1) Given the imprecision of fielding metrics, I always argue it's better to view many rather than place exclusive reliance on one. For the record, then, here are Manny's FRAA (per BProsp) from '01-'05:

2, -6, -7, -11, -13

And here are his Zone Ratings as a LF for the same period:

.877, .779, .789, .750, .729

2) Both metrics support the view that Manny's defense is below average and it's in steady decline. That would, in turn, support the idea that it's time to move him. And since Ortiz occupies DH, the move might logically be out of town (sorry, karl).

3) Neither of these other metrics, however, is consistent with the implication of the UZR numbers that Manny's D is historically, catastrophically costly.
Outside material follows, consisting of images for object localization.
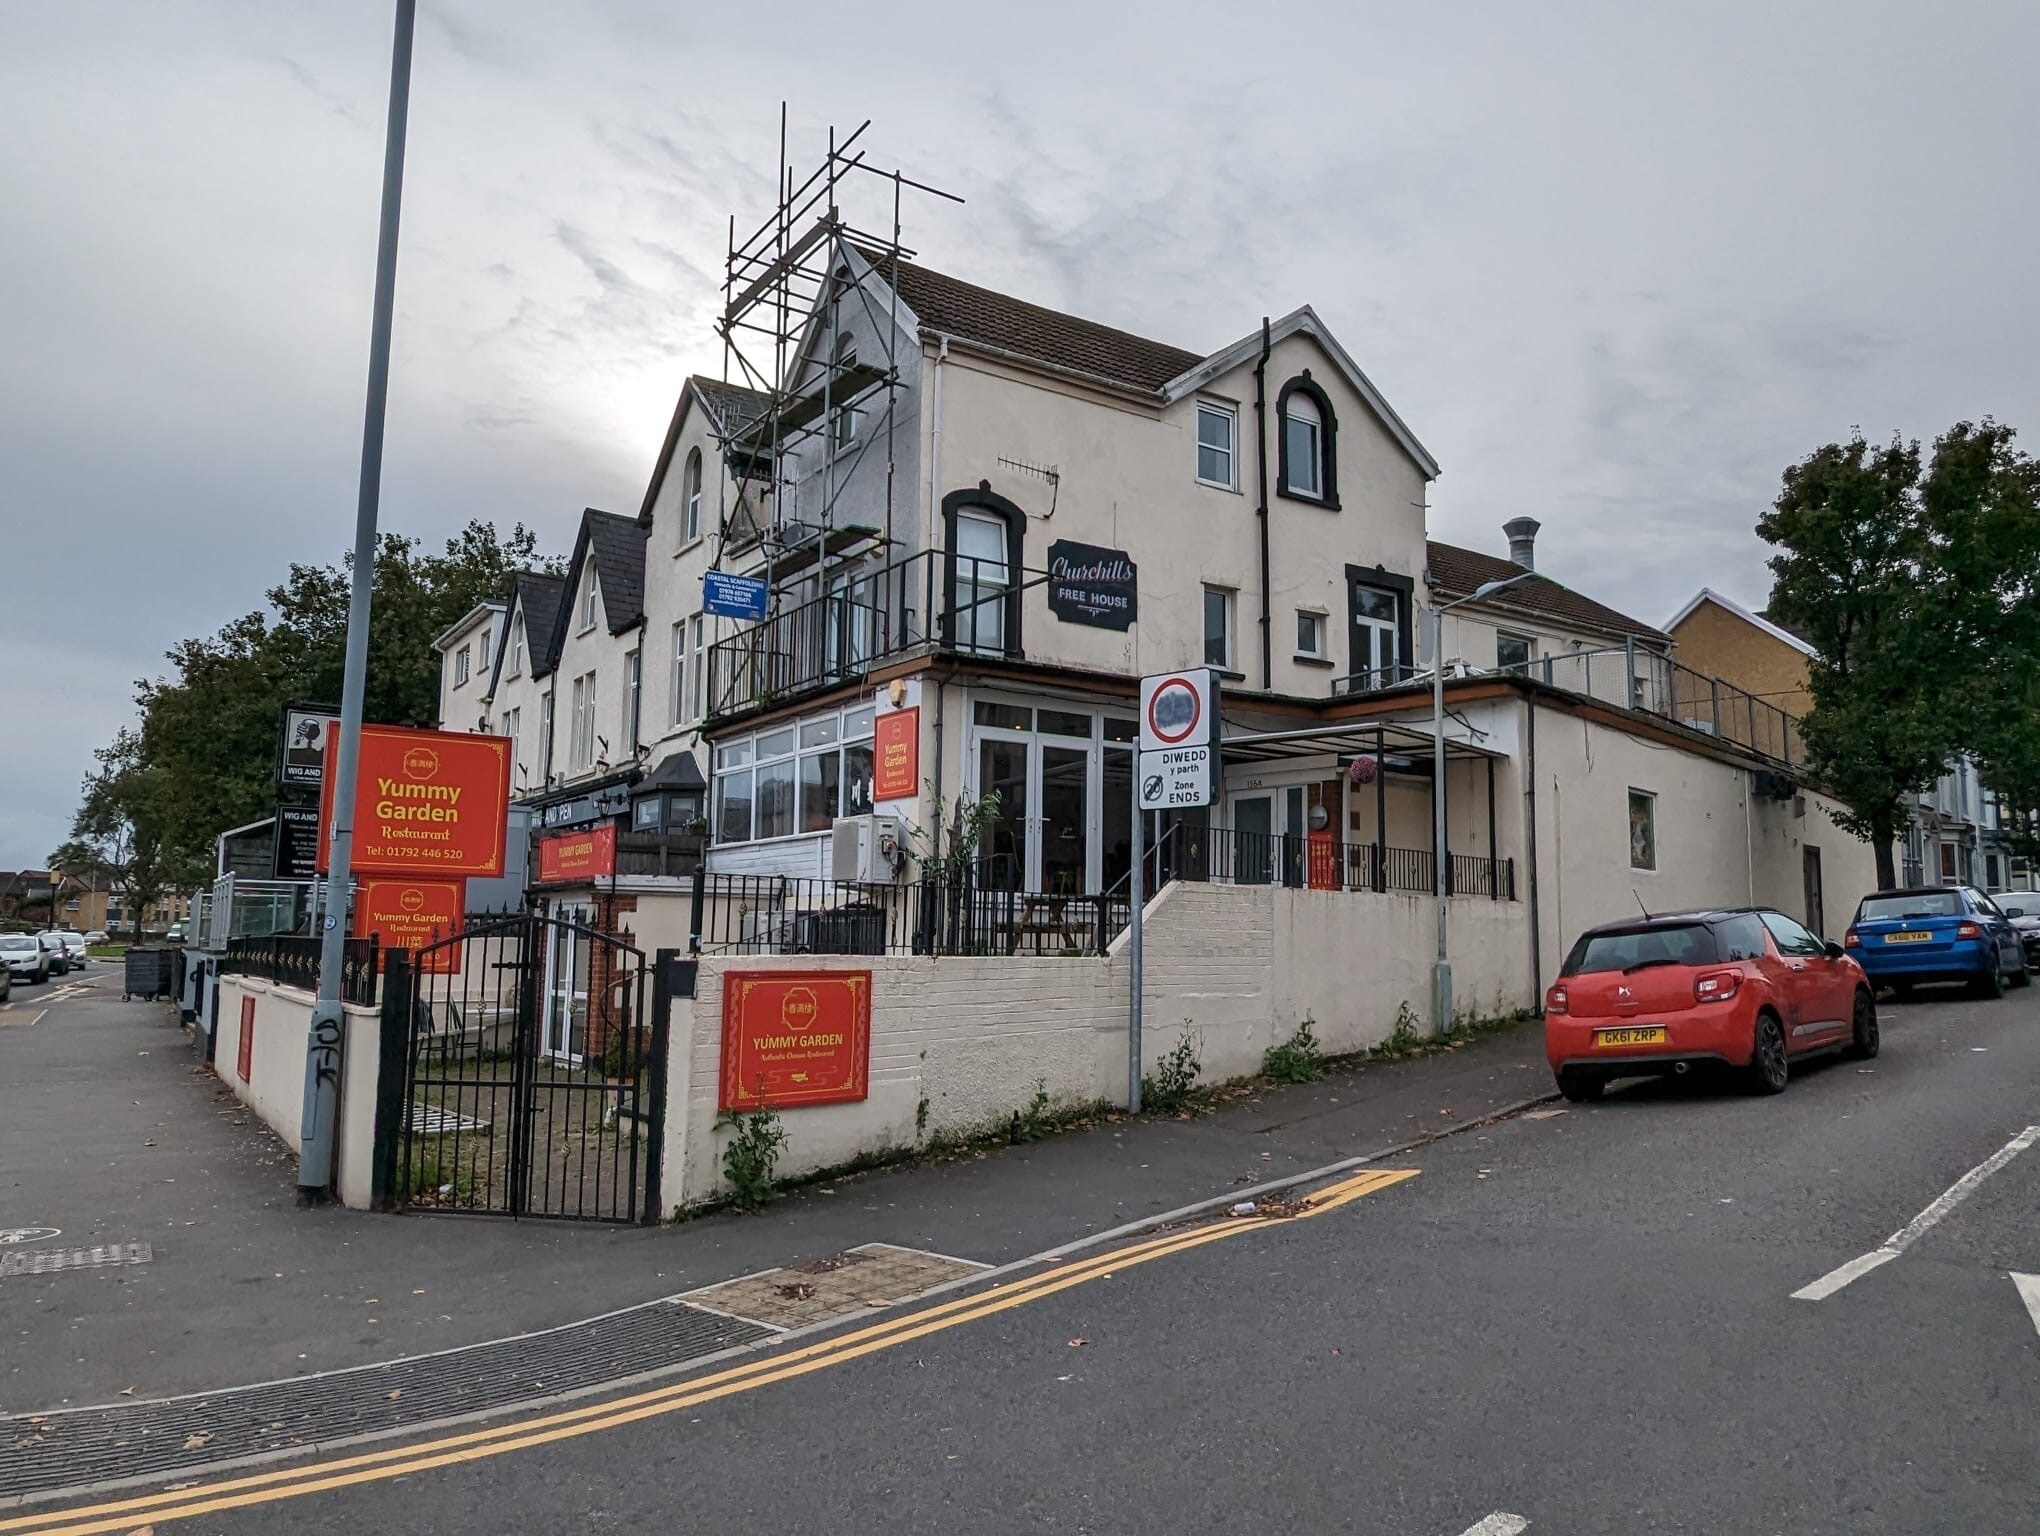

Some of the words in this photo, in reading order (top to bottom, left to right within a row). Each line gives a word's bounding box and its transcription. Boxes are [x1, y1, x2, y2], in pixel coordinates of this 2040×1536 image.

[1052, 556, 1133, 580] Churchills
[707, 574, 729, 583] COASTAL
[730, 578, 764, 588] SCAFFOLDING
[1058, 588, 1086, 602] FREE
[1091, 593, 1128, 608] HOUSE
[884, 743, 908, 755] Yummy
[884, 754, 907, 768] Garden
[1162, 750, 1207, 764] DIWEDD
[288, 767, 303, 775] WIG
[304, 768, 321, 777] AND
[1170, 767, 1176, 776] y
[1177, 764, 1200, 774] parth
[378, 778, 461, 805] Yummy
[1174, 781, 1195, 790] Zone
[1169, 792, 1200, 804] ENDS
[284, 812, 300, 820] WIG
[301, 813, 318, 821] AND
[376, 801, 458, 822] Garden
[545, 807, 558, 824] AND
[560, 802, 572, 820] PEN
[381, 825, 450, 840] Restaurant
[365, 845, 384, 856] Tel:
[387, 847, 419, 857] 01792
[422, 848, 441, 858] 446
[443, 850, 463, 859] 520
[575, 843, 593, 856] GARDEN
[374, 912, 410, 923] Yummy
[413, 913, 448, 923] Garden
[753, 1036, 797, 1050] YUMMY
[799, 1034, 843, 1047] GARDEN
[1605, 1032, 1630, 1043] GK61
[1634, 1030, 1657, 1041] ZRP
I share the view of others that the UZR method, whatever its other virtues, might be throwing a rod in this case. My reason:

By my calculations (from Zone Rating data), the average LF sees 367 flyballs and line drives hit into his zone over a season, and converts .867 of them, or 318, into outs. Manny's execrable .729 ZR in '05 means that he converted 268 of these opportunities into outs, or 50 fewer than the average LF. UZR is telling us that each one of these 50 became a run. That's possible, but it seems terribly unlikely--or is a by-product of terrible luck, whereby each time Manny butchered a flyball there were runners in scoring position, or such. My math might be off, but I think this is what other UZR doubters were getting at: a LF just doesn't get that many opportunities to be 50 runs below average.
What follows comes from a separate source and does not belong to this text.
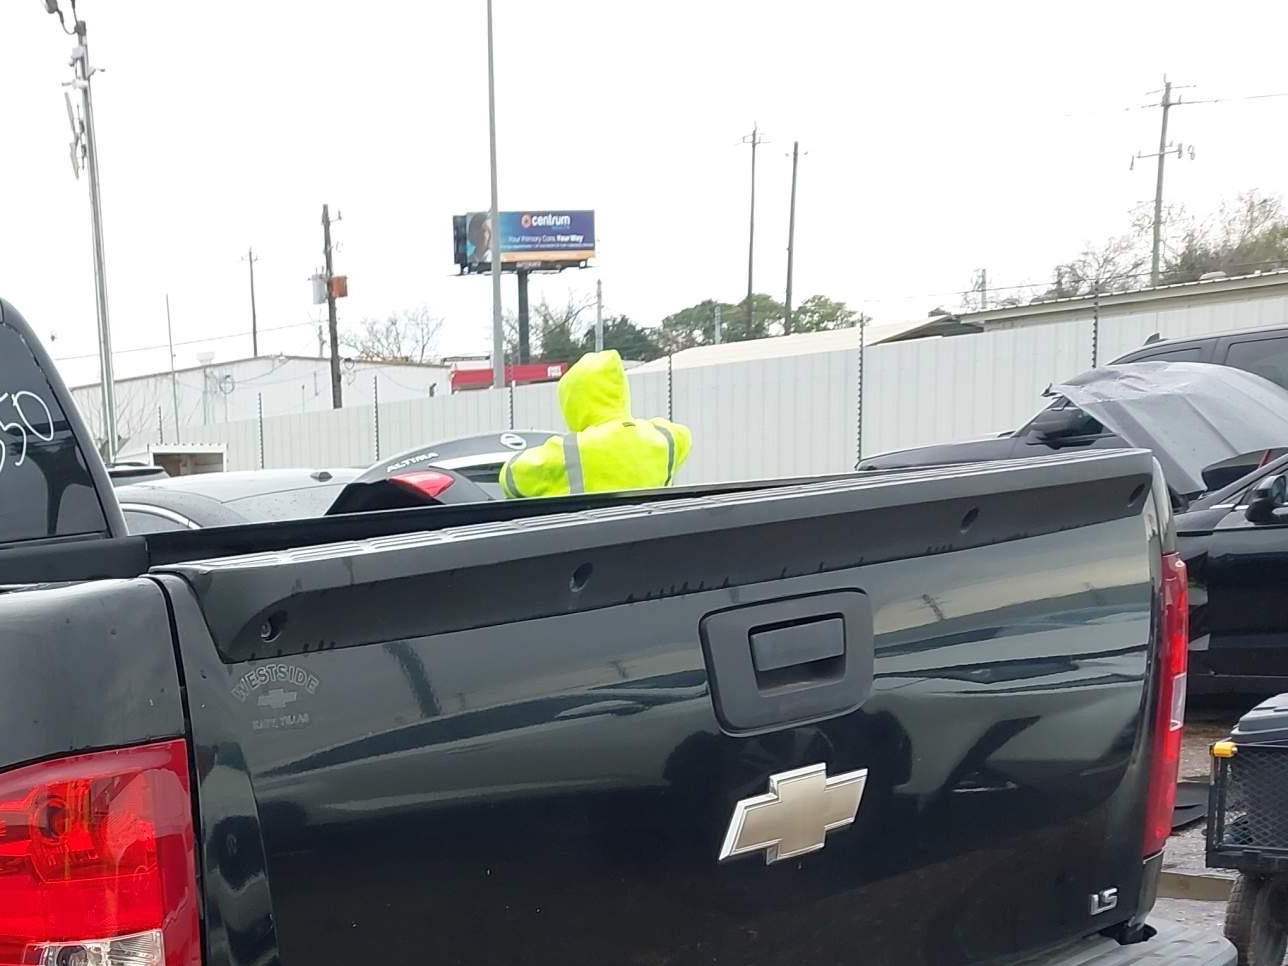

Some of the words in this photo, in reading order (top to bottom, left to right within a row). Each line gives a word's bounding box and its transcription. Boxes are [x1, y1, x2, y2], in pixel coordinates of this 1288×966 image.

[532, 214, 570, 226] centrum
[386, 452, 439, 473] ALTIMA
[231, 663, 320, 703] WESTSIDE
[1090, 887, 1118, 915] LS
4) If Manny can't be moved, then the FO and Tito would need to be raked over the coals for not having a Gene Stephens-esque caddy around and using him to minimize damage. I.e., there should be days (flyball pitchers in spacious parks, at the least) when Ortiz sits or tests his knees at 1B, and a rangy guy plays LF and Manny DHs. I suspect he's likely to cost the Sox 1.5 to 2.0 wins per year in LF in full-time duty--but that can be mitigated somewhat if he's used more wisely.
   35. ellsbury my heart at wounded knee Posted: January 01, 2006 at 09:01 PM (#1802003)
I don't really understand fielding metrics, but if those stats somehow correct for the left field wall, which decreases the amount of ground Manny has to cover in left, than in a larger LF Manny would be absolutely abyssmal. I just can't wrap my head around how bad that would be.
   36. RB in NYC (Now Semi-Retired from BBTF) Posted: January 01, 2006 at 09:03 PM (#1802008)
Darren, does UZR correct for park effects? Left in Fenway has always chipped away at a leftfielders opportunities because so many of the doubles hit there are uncatchable.


Post 16 addresses this point, to some extent
   37. Sam M. Posted: January 01, 2006 at 09:15 PM (#1802022)
Manny on the other hand is a good reliable soldier

That has to be a strong early contender for the 2006 Did He Really Write That? Primey.
   38. karlmagnus Posted: January 01, 2006 at 09:59 PM (#1802072)
Manny's performance variance is very low indeed; you know what you're going to get. He also doesn't cause in-season hiccups by prima donnaing. The only hiccups come when these halfwits attempt to trade him every 6 months. I repeat: TRADE FATSO, KEEP MANNY. THAT is what a truly superior trader would do, but then Henry is clearly NOT a truly superior trader. I think a really top-notch GM would keep both, but then he'd have kept Pedro and Damon, too.
   39. sublime Posted: January 01, 2006 at 10:42 PM (#1802121)
Manny's performance variance is very low indeed; you know what you're going to get. He also doesn't cause in-season hiccups by prima donnaing. The only hiccups come when these halfwits attempt to trade him every 6 months. I repeat: TRADE FATSO, KEEP MANNY. THAT is what a truly superior trader would do, but then Henry is clearly NOT a truly superior trader. I think a really top-notch GM would keep both, but then he'd have kept Pedro and Damon, too.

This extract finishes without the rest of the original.